Já o transporte de gado vindo do Vale do Paraíba “fluminense” e “paulista”, chegava em vagões gaiolas pela ferrovia Central do Brasil (bitola de 1,60 m), e eram baldeados para dentro do Frigorífico, vez que existia um desvio apropriado para essa finalidade.
Nossas ferrovias foram também de grande importância para servir a “zona de meretrício” que tinha grande movimentação na época, pois, para quem não conhece, a nossa extinta e famosa “zona”, surgiu na cidade antes mesmo de Cruzeiro receber a sua certidão de nascimento, registro esse ocorrido no ano de 1901 (2 de Outubro). A zona se estabeleceu em Cruzeiro, salvo engano por volta de 1850, passando a servir os trabalhadores que por aqui se instalaram para trabalharem na construção das ferrovias do Rio de Janeiro/São Paulo (Central do Brasil) e em seguida a do Sul de Minas (Ferrovia Minas e Rio, nome inicial).
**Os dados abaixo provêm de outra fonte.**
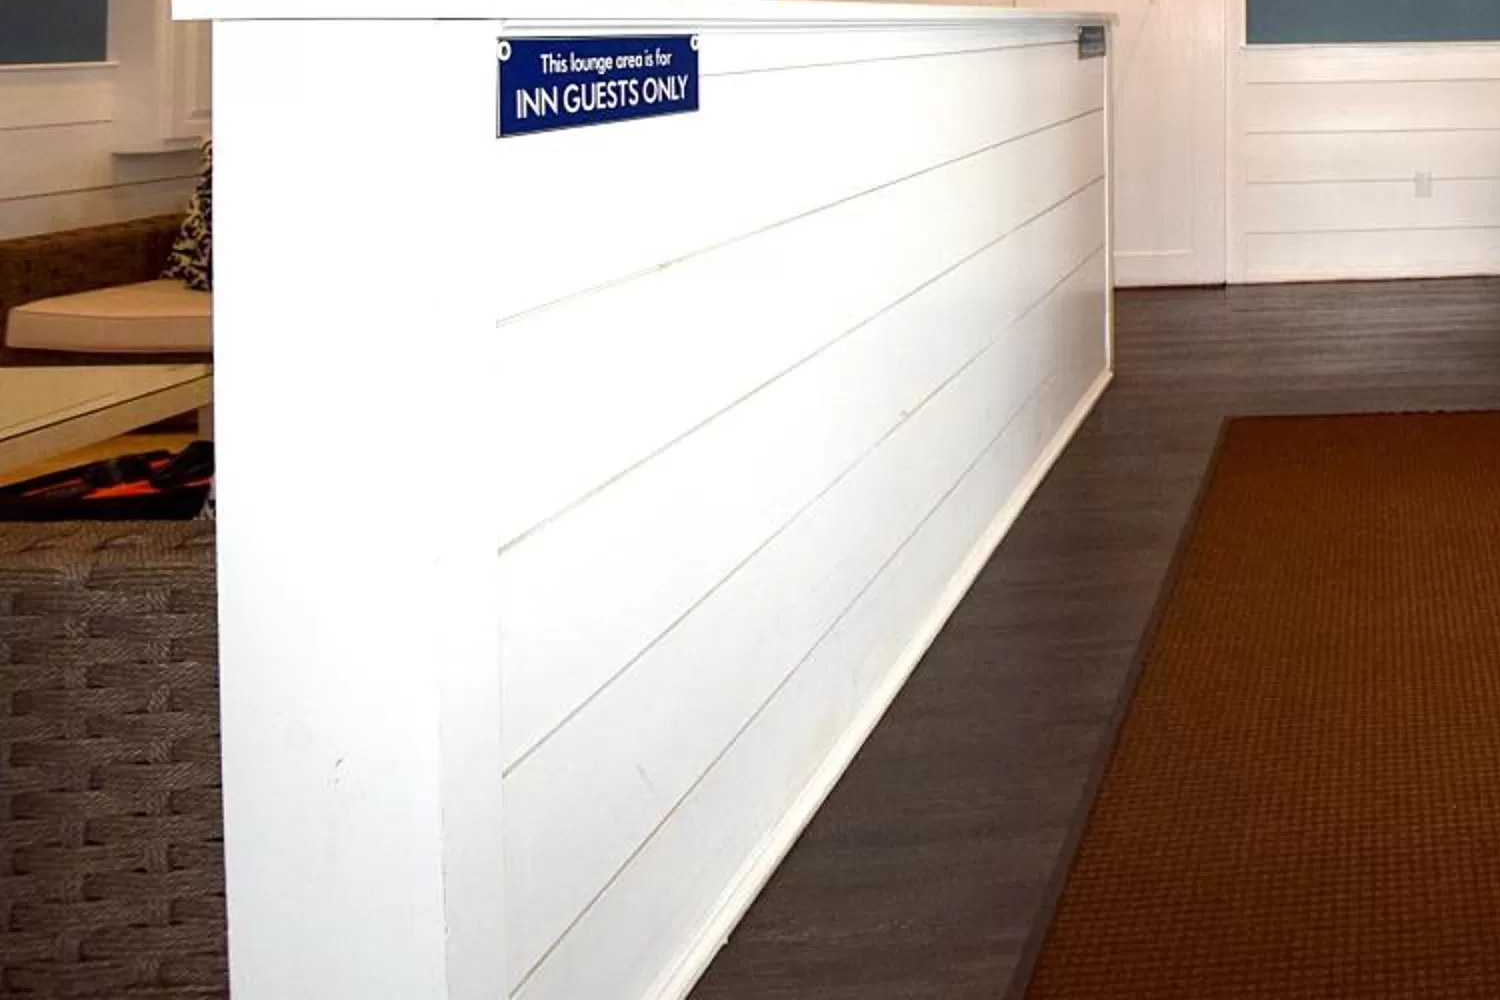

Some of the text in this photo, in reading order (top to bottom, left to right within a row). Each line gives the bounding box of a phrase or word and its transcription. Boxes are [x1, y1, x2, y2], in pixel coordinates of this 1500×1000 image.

Vale ressaltar que haviam dois trens, ambos conhecidos por “noturno” e também “trem baiano”, da Central do Brasil, que estacionavam nas linhas secundárias da estação de Cruzeiro, um vindo do Rio de Janeiro, o outro, de São Paulo, que cruzavam e pernoitavam em nossa cidade, bem defronte a zona. A rapaziada do Vale do Paraíba Fluminense (Volta Redonda, Barra Mansa, Resende, Itatiaia e outros), vinha para a zona de meretrício de Cruzeiro, utilizando o trem noturno oriundo do Rio de Janeiro e que passava por suas cidades, com destino a São Paulo já a rapaziada que vinha do Vale do Paraíba paulista, utilizavam o “trem noturno” oriundo de São Paulo, da mesma forma, com destino ao Rio de Janeiro.
Ambos os trens chegavam em Cruzeiro por volta das 23 e “zero hora” e aqui pernoitavam até as 5h30 da manhã, quando cada uma das composições seguia o seu destino.
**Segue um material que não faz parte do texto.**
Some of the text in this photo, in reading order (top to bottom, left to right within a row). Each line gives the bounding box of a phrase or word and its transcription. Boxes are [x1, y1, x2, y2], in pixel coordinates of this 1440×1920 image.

Após se esbaldarem na esbórnia cruzeirense, a rapaziada retornava para suas cidades de origem, trocando de composições. Isso aconteceu todos os dias e por anos a fio. Muitas vezes embarcamos, minha família e eu, ainda criança ou meninote, fosse para São Paulo ou para o Rio de Janeiro, nesses trens conhecidos por “baiano” e a algazarra predominava por igual, algumas vezes se tornando desagradável, com jovens “zoneiros” bêbados, rindo, falando alto e até mesmo besteiras, isso quando não provocavam discussões que tornavam o clima tenso, mas graças ao bom Deus nunca soube de gravidade maior. Era comum esses baderneiros terem a atenção chamada por passageiros.
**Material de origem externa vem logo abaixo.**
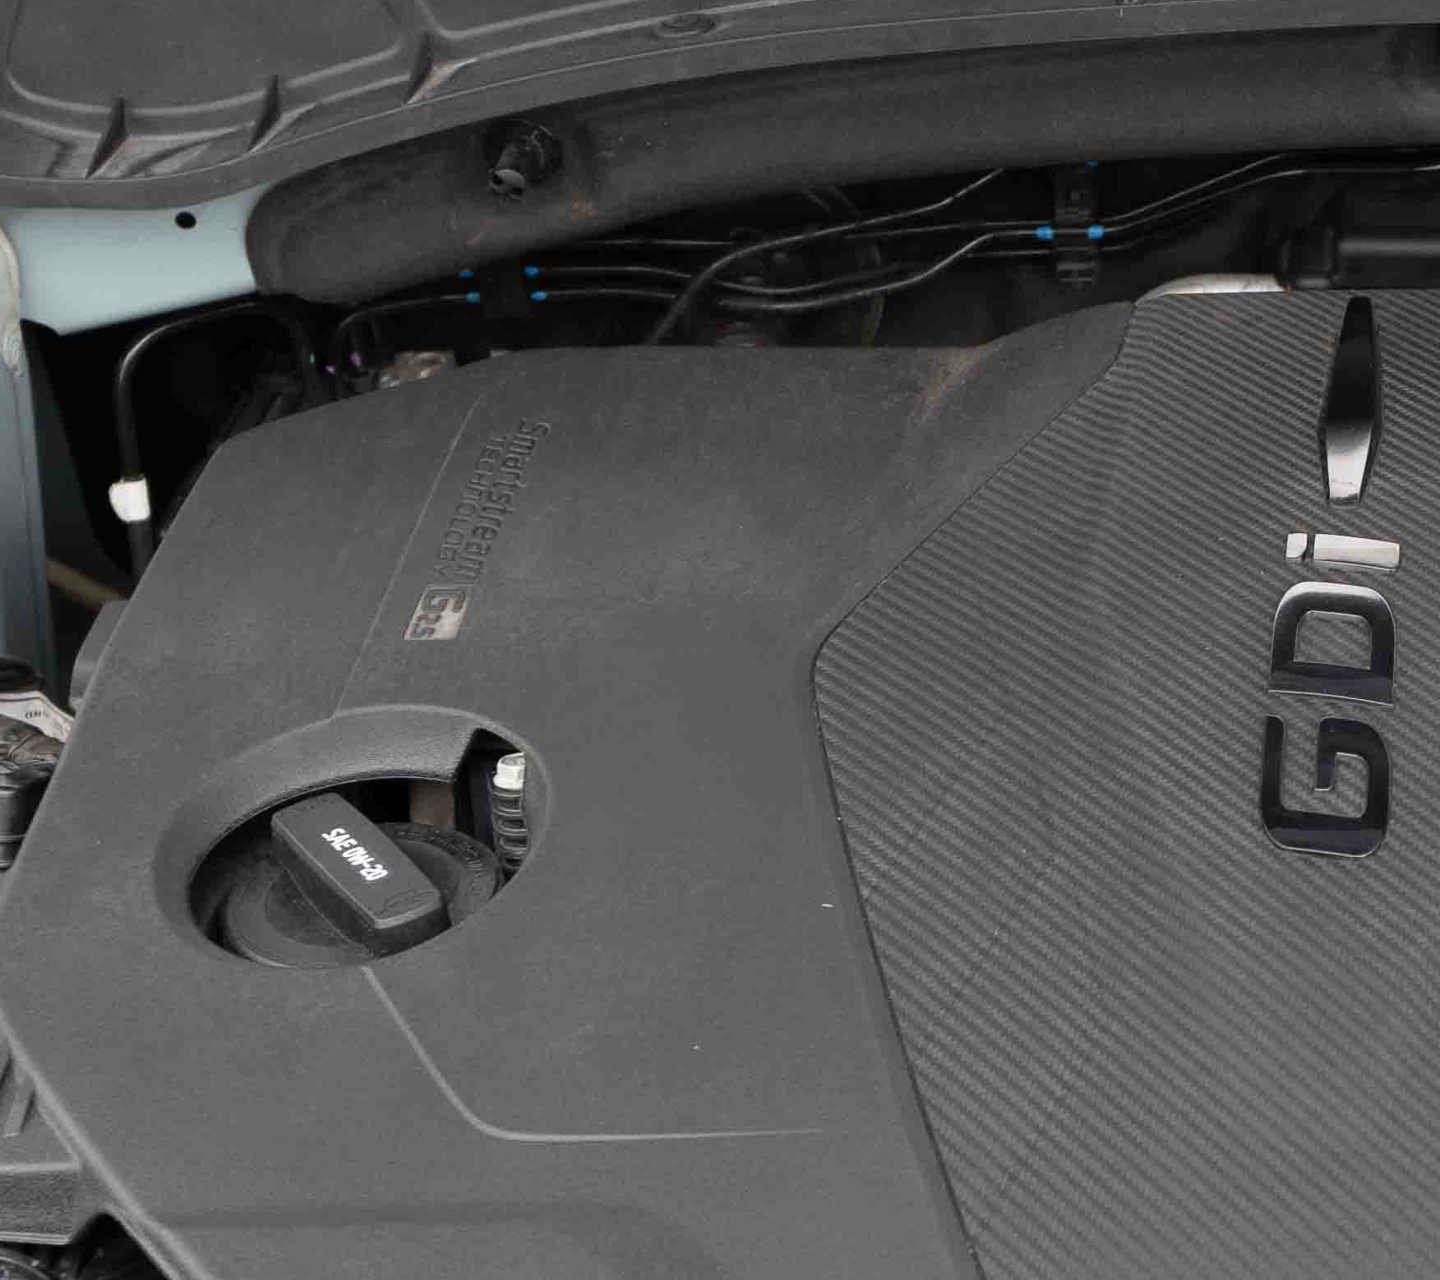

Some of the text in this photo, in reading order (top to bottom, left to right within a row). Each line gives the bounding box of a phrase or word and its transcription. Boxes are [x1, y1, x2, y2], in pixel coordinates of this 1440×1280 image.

[432, 435, 507, 577] TECHNOLOGY
[453, 417, 552, 586] Smartstream
[1262, 532, 1400, 858] GDi
[321, 827, 352, 852] SAE
[341, 846, 389, 881] 0W-20
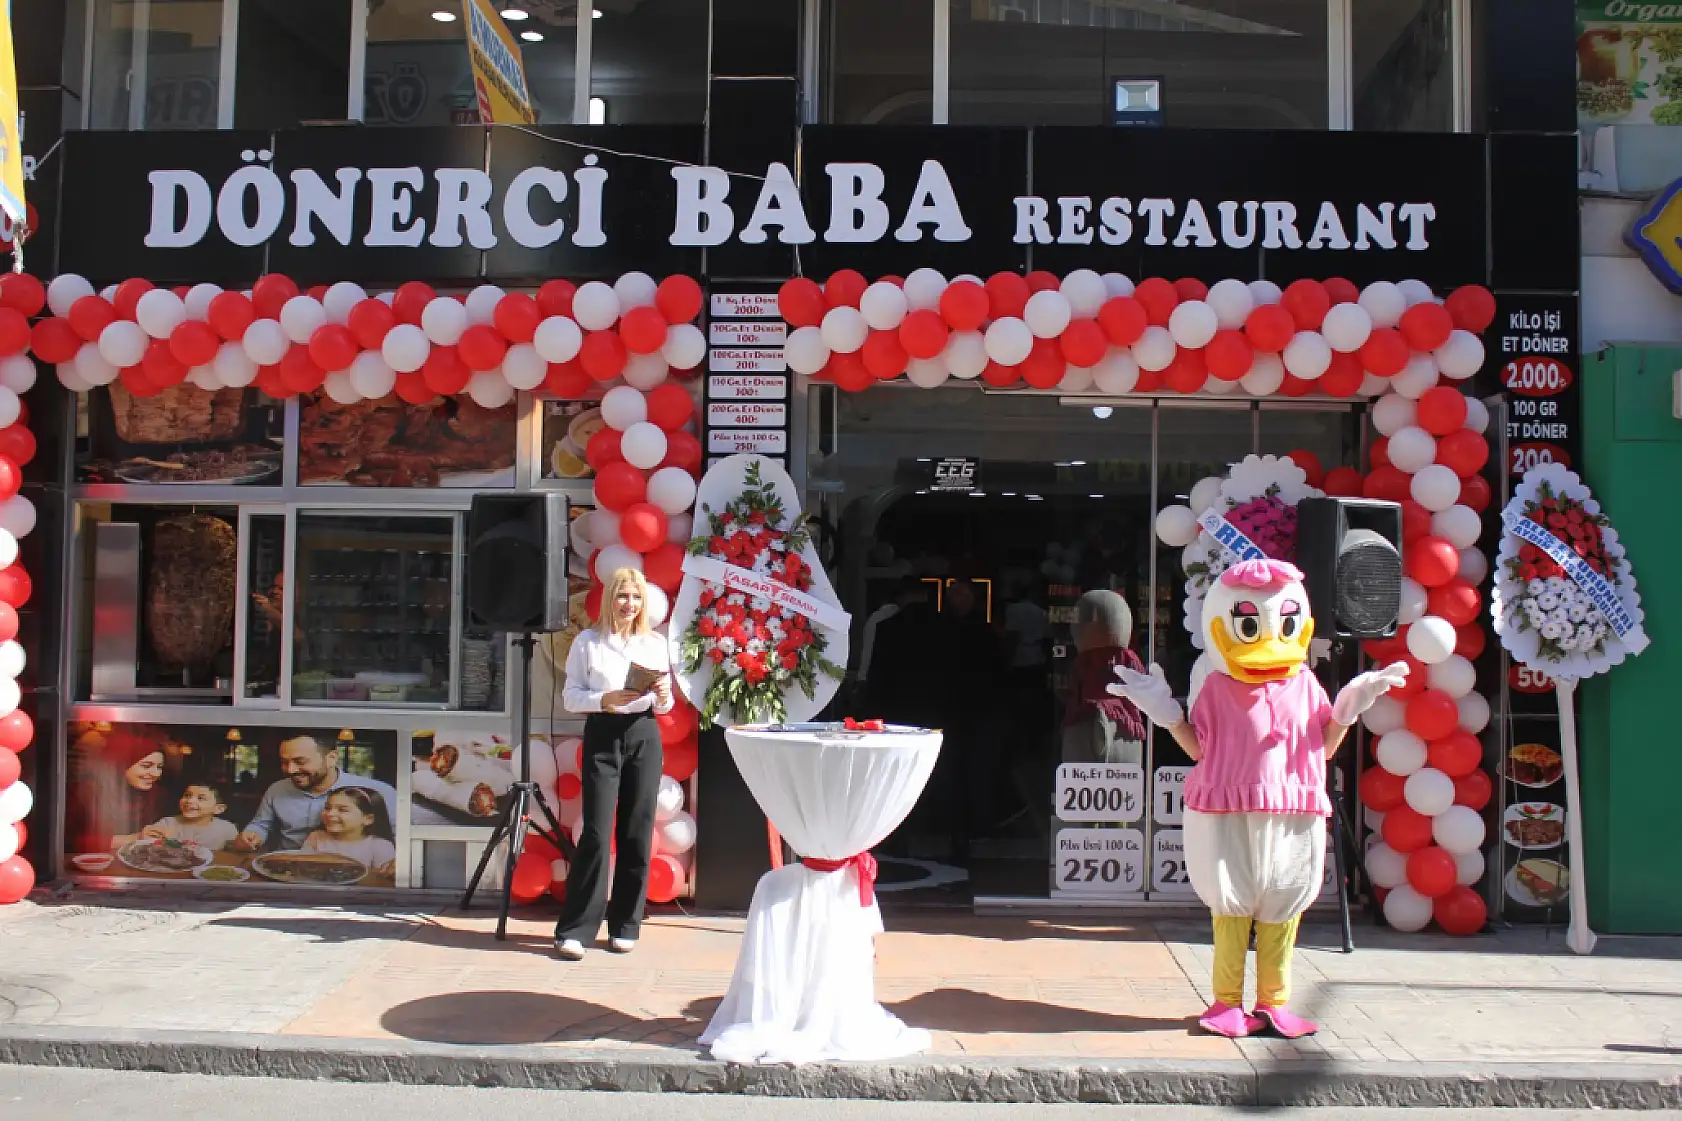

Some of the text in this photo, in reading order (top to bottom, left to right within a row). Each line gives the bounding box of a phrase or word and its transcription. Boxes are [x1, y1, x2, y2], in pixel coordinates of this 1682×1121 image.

Já a rapaziada do Sul de Minas que queria se divertir na “noitada eletrizante” de Cruzeiro, utilizada o TREM MISTO, que chegava em nossa estação entre 22 e 24 horas, e retornava impreterivelmente para os solos mineiros às 5h20 da madrugada.
E a nossa ferrovia não se fez importante apenas pelo fato de servir o Frigorífico e a “zona de meretrício”, teve participação efetiva na Revolução Constitucionalista de 1932, e também na Revolução de 1964, sendo Cruzeiro o ponto de transbordo de soldados e de material bélico, por ser o eixo de inªtegração do Rio de Janeiro/São Paulo/Minas Gerais.
Lembro-me que quando deflagrou a revolução de 64, eu completaria 9 anos de idade no final desse ano. Papai que era ferroviário, exercendo nessa época a função de Agente de Estação, me levou com ele e eu assisti, tanques de guerra, caminhões, metralhadoras sobre rodas, caixas e mais caixas de “tudo um pouco”, sendo baldeadas de vagões pranchas da Estrada de Ferro Central do Brasil para a Rede Mineira de Viação (Sul de Minas). Lembro-me ainda de inúmeros soldados em cima do telhado da estação, com metralhadoras em riste, vivendo eu todo aquele clima de apreensão pois, para onde seu nariz apontava havia soldados do Exército armados até os dentes.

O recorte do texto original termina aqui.